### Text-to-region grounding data
::::
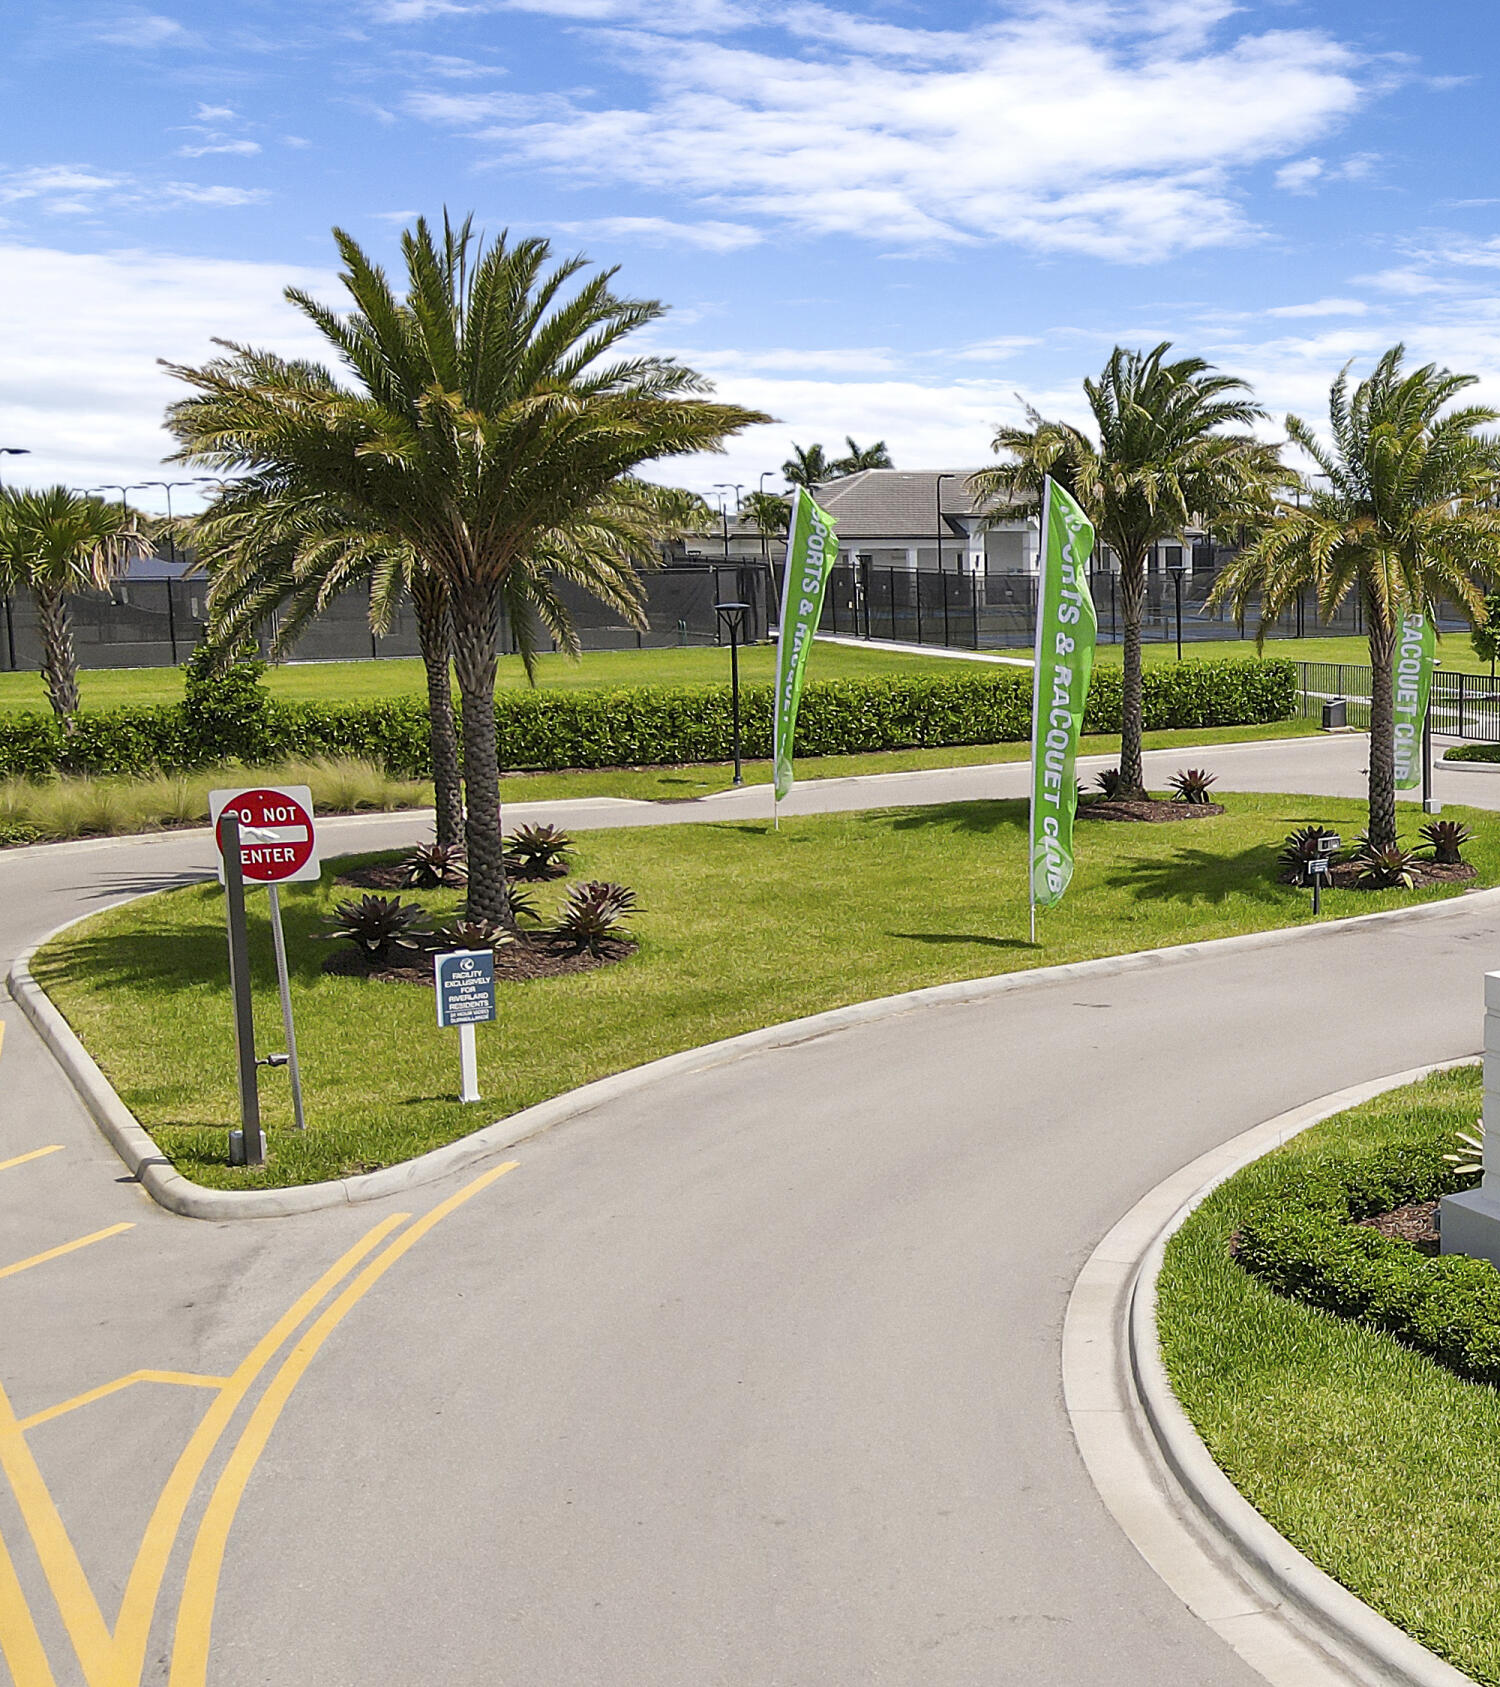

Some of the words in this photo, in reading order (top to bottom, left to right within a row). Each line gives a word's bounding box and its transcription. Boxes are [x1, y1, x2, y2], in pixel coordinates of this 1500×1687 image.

[1058, 505, 1083, 625] PORTS
[800, 599, 814, 616] &
[1056, 632, 1075, 655] &
[1396, 613, 1423, 717] RACQUET
[1044, 665, 1073, 810] RACQUET
[1394, 722, 1415, 780] CLUB
[228, 809, 252, 823] O
[263, 806, 296, 822] NOT
[241, 847, 296, 864] ENTER
[1042, 816, 1063, 893] CLUB
[444, 976, 491, 988] EXCLUSIVELY
[452, 970, 482, 979] FACILITY
[448, 992, 489, 1002] RIVERLAND
[460, 986, 476, 994] FOR
[449, 1000, 489, 1010] RESIDENTS
::::
### Task details
Pictures are not part of the copy; transcribe the rest of the data verbatim.

### Your response
Some of the words in this photo, in reading order (top to bottom, left to right within a row). Each line gives a word's bounding box and its transcription. Boxes are [x1, y1, x2, y2], in pixel coordinates of this 1500×1687 image.

[1058, 505, 1083, 625] PORTS
[800, 599, 814, 616] &
[1056, 632, 1075, 655] &
[1396, 613, 1423, 717] RACQUET
[1044, 665, 1073, 810] RACQUET
[1394, 722, 1415, 780] CLUB
[228, 809, 252, 823] O
[263, 806, 296, 822] NOT
[241, 847, 296, 864] ENTER
[1042, 816, 1063, 893] CLUB
[444, 976, 491, 988] EXCLUSIVELY
[452, 970, 482, 979] FACILITY
[448, 992, 489, 1002] RIVERLAND
[460, 986, 476, 994] FOR
[449, 1000, 489, 1010] RESIDENTS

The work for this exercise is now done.